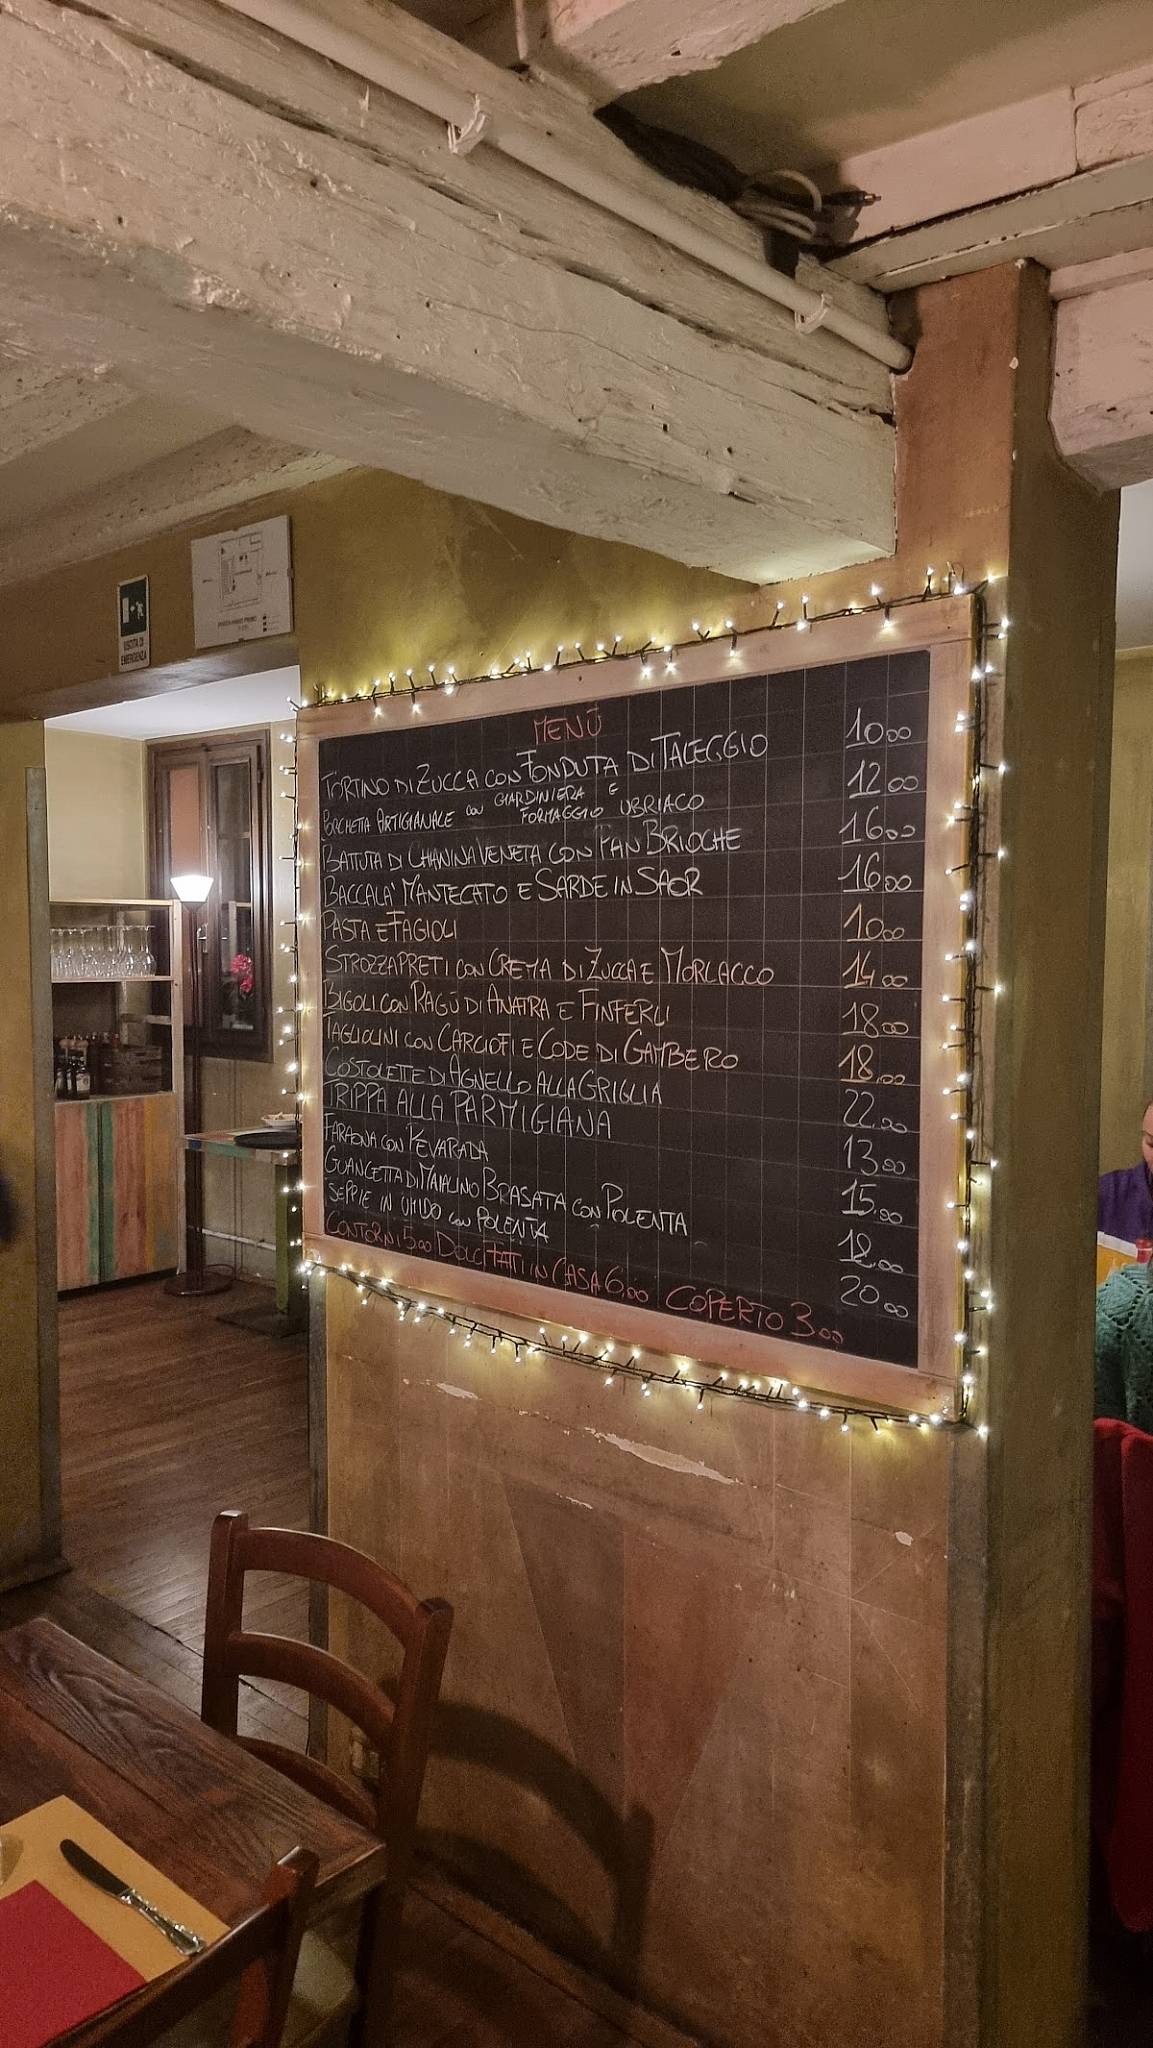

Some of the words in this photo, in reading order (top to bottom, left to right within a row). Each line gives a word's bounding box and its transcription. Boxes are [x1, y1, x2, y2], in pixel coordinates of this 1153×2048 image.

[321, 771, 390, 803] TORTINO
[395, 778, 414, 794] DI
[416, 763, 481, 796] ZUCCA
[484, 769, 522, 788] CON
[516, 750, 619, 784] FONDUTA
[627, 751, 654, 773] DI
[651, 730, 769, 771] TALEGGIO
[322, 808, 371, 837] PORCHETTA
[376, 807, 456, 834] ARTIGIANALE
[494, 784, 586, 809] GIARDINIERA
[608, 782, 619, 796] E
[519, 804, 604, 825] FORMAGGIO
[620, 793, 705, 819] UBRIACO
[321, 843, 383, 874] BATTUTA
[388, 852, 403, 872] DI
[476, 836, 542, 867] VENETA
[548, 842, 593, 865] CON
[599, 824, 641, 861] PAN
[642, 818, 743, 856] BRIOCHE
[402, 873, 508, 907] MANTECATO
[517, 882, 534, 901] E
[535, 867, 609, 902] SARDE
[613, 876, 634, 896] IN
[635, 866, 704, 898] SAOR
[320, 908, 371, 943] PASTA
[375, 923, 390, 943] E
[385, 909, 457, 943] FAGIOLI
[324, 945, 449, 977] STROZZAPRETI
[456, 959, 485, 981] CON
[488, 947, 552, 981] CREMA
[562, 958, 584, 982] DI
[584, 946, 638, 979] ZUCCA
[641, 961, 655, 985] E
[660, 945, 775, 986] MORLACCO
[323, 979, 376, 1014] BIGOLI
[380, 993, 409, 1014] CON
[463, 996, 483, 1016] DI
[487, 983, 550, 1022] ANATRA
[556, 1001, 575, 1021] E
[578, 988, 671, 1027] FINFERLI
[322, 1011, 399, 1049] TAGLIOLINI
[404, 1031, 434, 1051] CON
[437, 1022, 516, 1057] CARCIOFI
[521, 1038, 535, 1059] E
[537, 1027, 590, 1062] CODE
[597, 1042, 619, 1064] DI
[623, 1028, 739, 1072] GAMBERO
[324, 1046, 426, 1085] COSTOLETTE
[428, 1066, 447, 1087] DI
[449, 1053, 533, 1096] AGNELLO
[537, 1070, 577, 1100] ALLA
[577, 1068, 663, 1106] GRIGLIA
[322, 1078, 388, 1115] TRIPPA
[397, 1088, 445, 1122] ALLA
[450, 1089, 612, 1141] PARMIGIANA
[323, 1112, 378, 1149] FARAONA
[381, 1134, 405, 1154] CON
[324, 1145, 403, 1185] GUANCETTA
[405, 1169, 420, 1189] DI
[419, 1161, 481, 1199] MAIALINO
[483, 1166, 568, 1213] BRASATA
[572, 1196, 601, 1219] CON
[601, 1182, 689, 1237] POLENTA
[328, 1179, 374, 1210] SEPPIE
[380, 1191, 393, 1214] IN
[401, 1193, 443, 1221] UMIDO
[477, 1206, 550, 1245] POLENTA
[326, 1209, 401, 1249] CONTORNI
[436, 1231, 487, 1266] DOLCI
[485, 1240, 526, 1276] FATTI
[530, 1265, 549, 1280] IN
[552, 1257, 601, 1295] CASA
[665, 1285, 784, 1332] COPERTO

********************

Each line in the records above with "ALLA" must be returned.

[537, 1070, 577, 1100] ALLA
[397, 1088, 445, 1122] ALLA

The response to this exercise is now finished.